Difference Four: “Measurable” Versus “Immeasurable”
(The Measurement Argument)

Physical Entities Can Be Measured Using Physical Measurement Instruments
We can take out a ruler and measure the width and length of your brain. We can weigh it and calculate it’s mass.

But As Humans, We Possess Mental Entities (Thoughts, Wills, Desires and Sensations) That Are Not Measurable By These Methods
We cannot use physical measurement tools to examine our thoughts. Propositional content cannot be measured in this way.
Not true.  Thoughts are formed mostly of memories, and memories are encoded in molecules, and molecules, being physical, have obvious detectable sizes.  So you and Frank Turek and other apologists are wrong, thoughts are physical.
THEREFORE: Humans Are More Than Physical Beings
There is a physically immeasurable dimension to our beings. We are more than matter. We are physically immeasurable souls.
If it keeps junior on the straight and narrow, he can go on pretending to be whatever combo of moisture and invisible man he pleases. Atheists should be practical, not militant.  Leave the Mormons alone, some fools bring much good, and even a broken clock is right twice a day.
Difference Five: “About Others” Versus “About Themselves”
(The Self-Existence Argument)

Mental Entities Are Not Self Existent
Our hopes, fears, concerns and worries are always about something else; something outside of themselves
Not true, delusional people have brain disorders that often cause them fear of things that don't exist, this is also true with many children who irrationally fear the dark and the monster under the bed that always goes invisible when mom checks...and therefore, the feared thing did not originate from anywhere except within their physical brain.
But Our Brains, As Physical Entities, ARE Self Existent
Physical things are not about something else; they simply exist on their own and do not rely on other physical objects for their definition

THEREFORE: Our Brains Are NOT The Same As Our Minds
Brains are physical, self-existent entities, minds contain mental entities that are dependent on outside entities for their definition.
Nope, see above.
Difference Six: “Morally Determined” Versus “Morally Free”
(The Free Will Argument)
Oh fuck you, this is where not even many Christians agree with you.  Unbelievers can reasonably decline an invitation to become involved in one of Christianity's numerous in-house debates.
No Physical System is a Free Agent
They are either determined (one event following the other) or random

Therefore No Physical System Has Moral Responsibility
Because moral responsibility requires moral freedom of choice
Moral responsibility cannot exist unless somebody insists that somebody else is morally responsible.  So moral responsibility can just as easily be a social fiction necessarily conjured up to make socities like America possible.   Children can be just as easily raised to feel no moral responsibility as raised to agree they have moral responsibility.  Babies and toddler need to be 'taught' to mimic the morality of the parent, because the morality they are born with is selfishness.  A sense of moral responsibility cannot be shown to transcend environmental conditioning.
Human Beings DO Have Moral Responsibility
We have the innate sense that each of us has the responsibility to act morally, and indeed, we observe we are free agents who do choose right from wrong freely
This is not true of sociopaths.  You can get rid of that rebuttal by arbitrarily excluding them as disqualified misfits, but the point is that your theory doesn't account for all the relevant data, you can only make your case by appeal to what some or most humans are like, not all. 

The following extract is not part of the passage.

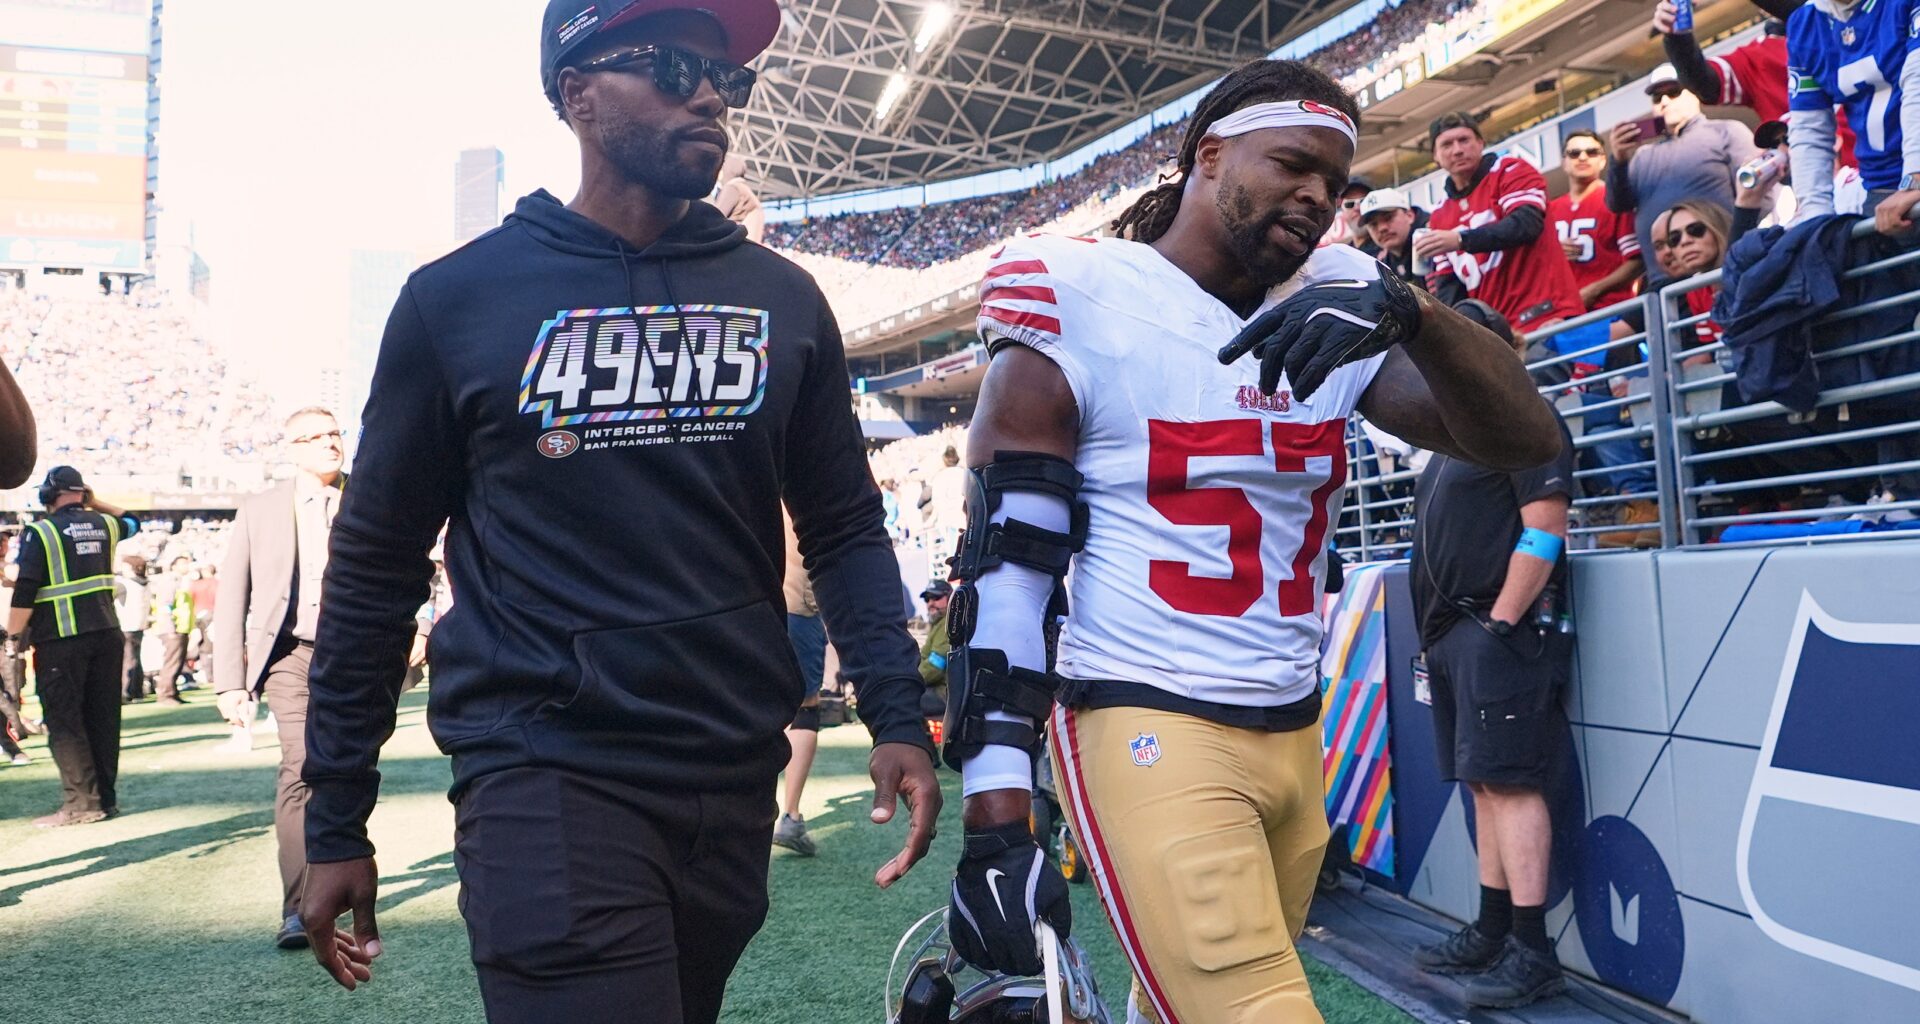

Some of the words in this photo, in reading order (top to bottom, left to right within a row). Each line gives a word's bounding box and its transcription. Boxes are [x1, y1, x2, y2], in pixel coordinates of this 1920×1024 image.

Sociopaths are just as human as anybody else, so we cannot automatically assume their sociopathic condition constitutes a misrepresentation of human reality.  To be human might indeed require that you have little to no concern for other people's feelings.
THEREFORE: Therefore Human Beings Are NOT Simply Physical Systems
If we are purely physical entities, we can only act as a series of events, and we are unable to act freely (this is the nature of physical things). Our free agency demonstrates we are more than simple physical objects.
Tell that to Christians who adopt 5-Point Calvinism, and they'll scream back that the ease with which you assume humans have "free agency" makes it appear you never read the bible in your life.   I suggest god's like-minded ones get their act together before they present their in-house controversies to the world as if they were absolute truth.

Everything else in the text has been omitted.